● What you have to do
Quote every line of the data below as it stands, omitting pictures.

● Information given

○ ○ ○ ○ ○

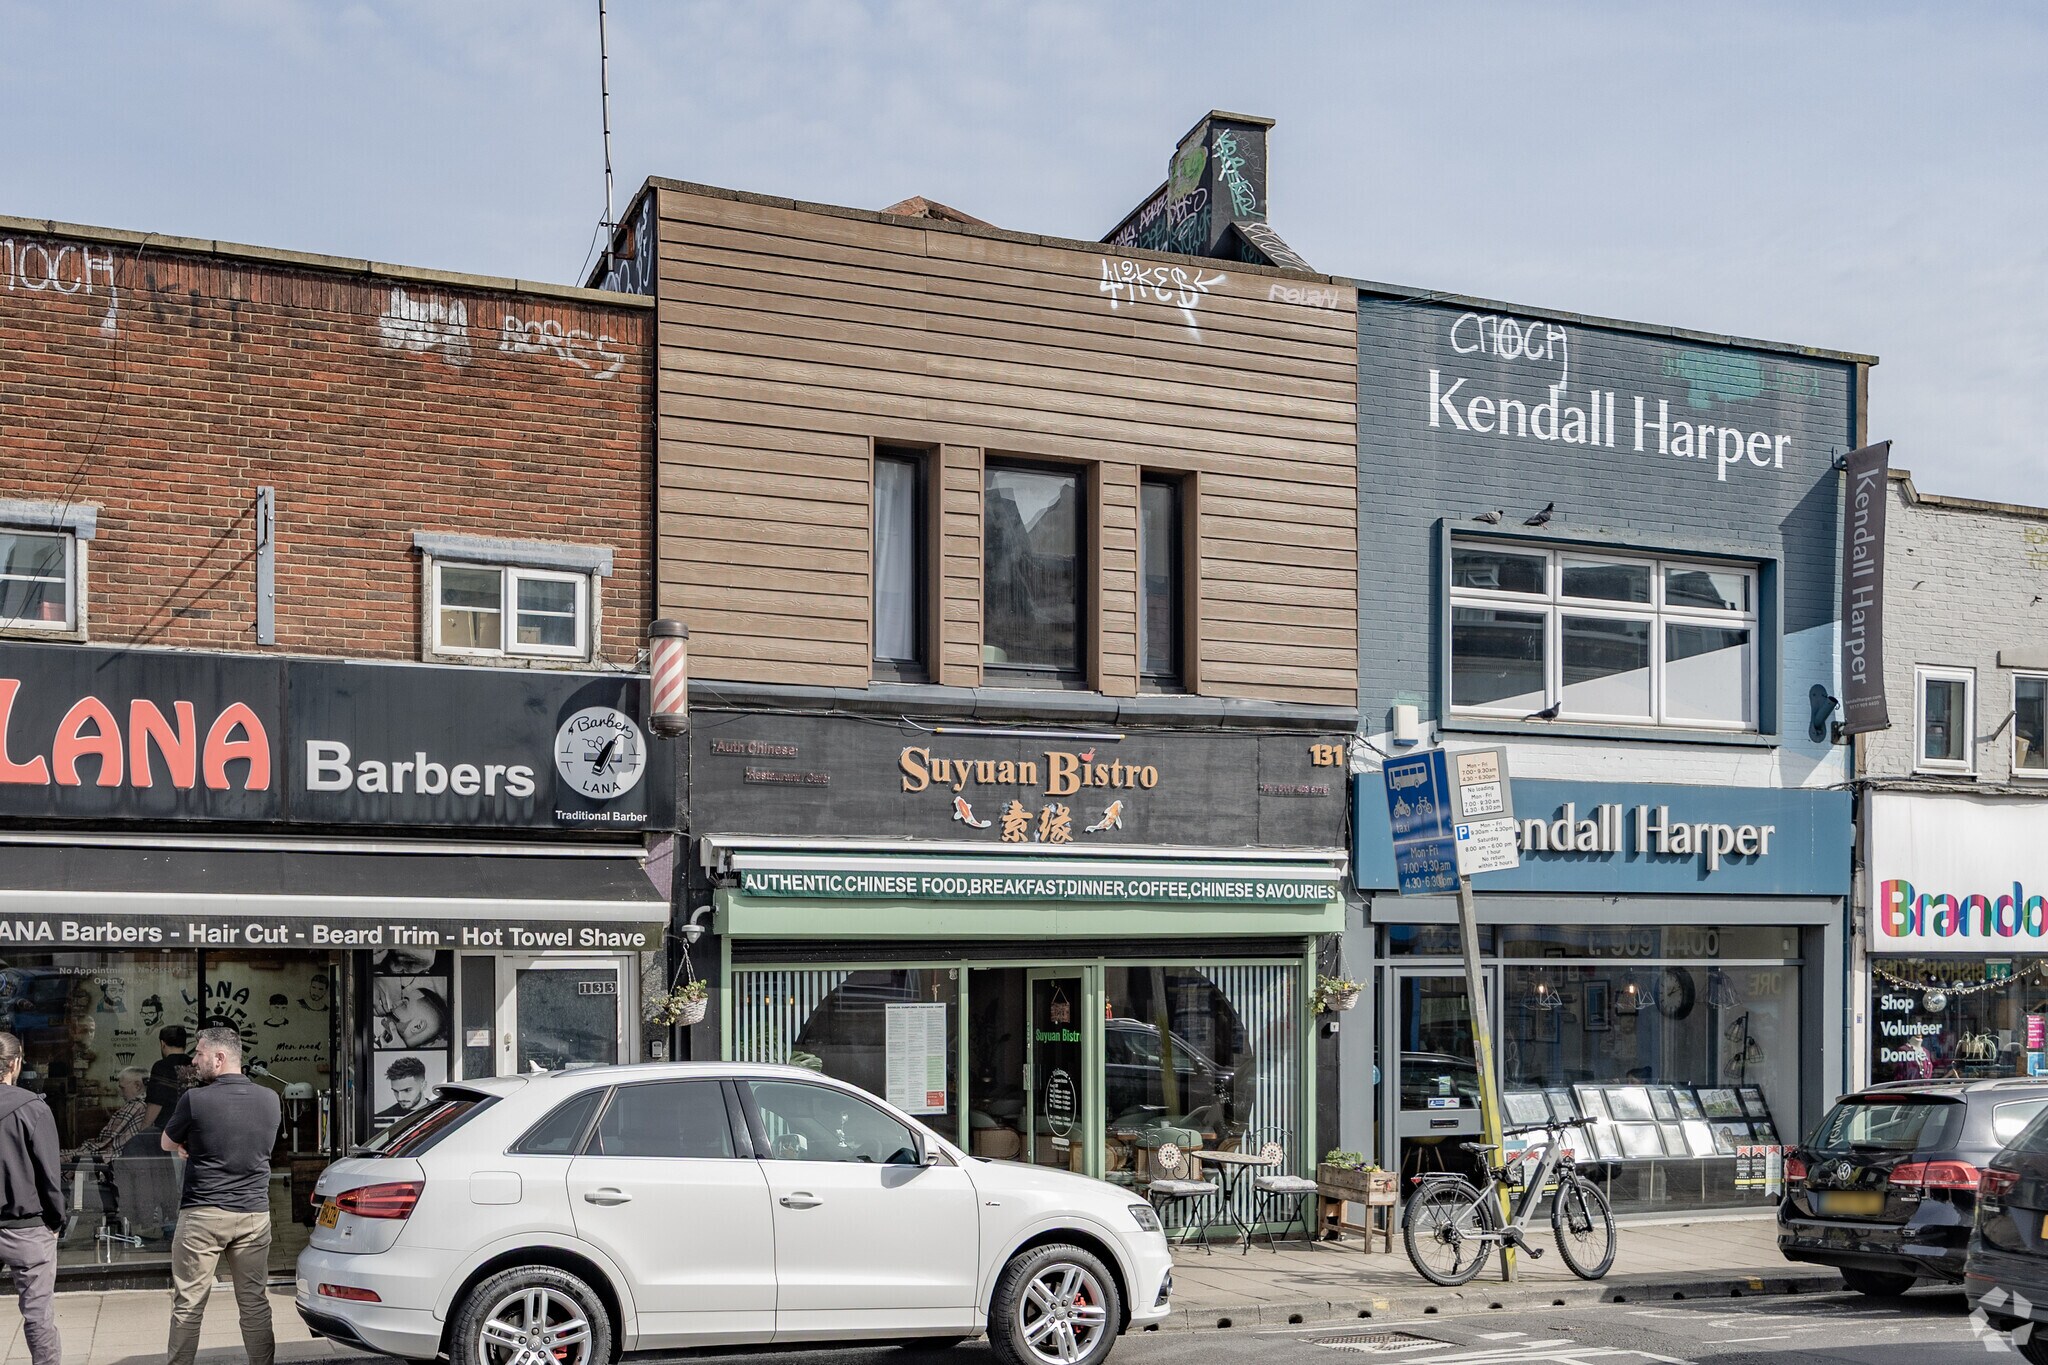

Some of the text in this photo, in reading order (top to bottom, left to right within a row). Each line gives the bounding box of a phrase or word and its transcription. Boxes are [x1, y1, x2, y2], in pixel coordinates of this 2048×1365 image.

[1428, 369, 1791, 481] Kendall Harper
[1845, 468, 1879, 684] Kendall Harper
[578, 713, 629, 732] Barber
[0, 678, 271, 790] LANA
[716, 740, 796, 756] Auth Chinese
[1310, 744, 1343, 766] 131
[306, 739, 536, 798] Barbers
[900, 747, 1159, 796] Suyuan Bistro
[582, 780, 622, 794] LANA
[555, 810, 648, 822] Traditional Barber
[1002, 800, 1073, 844] 素缘
[1396, 821, 1410, 833] taxi
[1514, 802, 1776, 871] ndall Harper
[844, 875, 917, 893] CHINESE
[1256, 883, 1336, 900] SAVOURIES
[1881, 879, 2048, 938] Brando
[61, 921, 163, 942] Barbers
[188, 923, 239, 943] Hair
[245, 924, 288, 944] Cut
[312, 925, 382, 944] Beard
[389, 925, 439, 945] Trim
[463, 927, 503, 946] Hot
[509, 927, 572, 946] Towel
[579, 928, 646, 947] Shave
[1611, 930, 1652, 956] 909
[59, 967, 72, 975] No
[94, 976, 118, 986] Open
[580, 982, 616, 995] 133
[1881, 994, 1914, 1014] Shop
[1036, 1028, 1081, 1043] Suyuan Bistr
[1880, 1019, 1942, 1036] Volunteer
[1881, 1047, 1926, 1063] Donate

○ ○ ○ ○ ○

● Output
Some of the text in this photo, in reading order (top to bottom, left to right within a row). Each line gives the bounding box of a phrase or word and its transcription. Boxes are [x1, y1, x2, y2], in pixel coordinates of this 2048×1365 image.

[1428, 369, 1791, 481] Kendall Harper
[1845, 468, 1879, 684] Kendall Harper
[578, 713, 629, 732] Barber
[0, 678, 271, 790] LANA
[716, 740, 796, 756] Auth Chinese
[1310, 744, 1343, 766] 131
[306, 739, 536, 798] Barbers
[900, 747, 1159, 796] Suyuan Bistro
[582, 780, 622, 794] LANA
[555, 810, 648, 822] Traditional Barber
[1002, 800, 1073, 844] 素缘
[1396, 821, 1410, 833] taxi
[1514, 802, 1776, 871] ndall Harper
[844, 875, 917, 893] CHINESE
[1256, 883, 1336, 900] SAVOURIES
[1881, 879, 2048, 938] Brando
[61, 921, 163, 942] Barbers
[188, 923, 239, 943] Hair
[245, 924, 288, 944] Cut
[312, 925, 382, 944] Beard
[389, 925, 439, 945] Trim
[463, 927, 503, 946] Hot
[509, 927, 572, 946] Towel
[579, 928, 646, 947] Shave
[1611, 930, 1652, 956] 909
[59, 967, 72, 975] No
[94, 976, 118, 986] Open
[580, 982, 616, 995] 133
[1881, 994, 1914, 1014] Shop
[1036, 1028, 1081, 1043] Suyuan Bistr
[1880, 1019, 1942, 1036] Volunteer
[1881, 1047, 1926, 1063] Donate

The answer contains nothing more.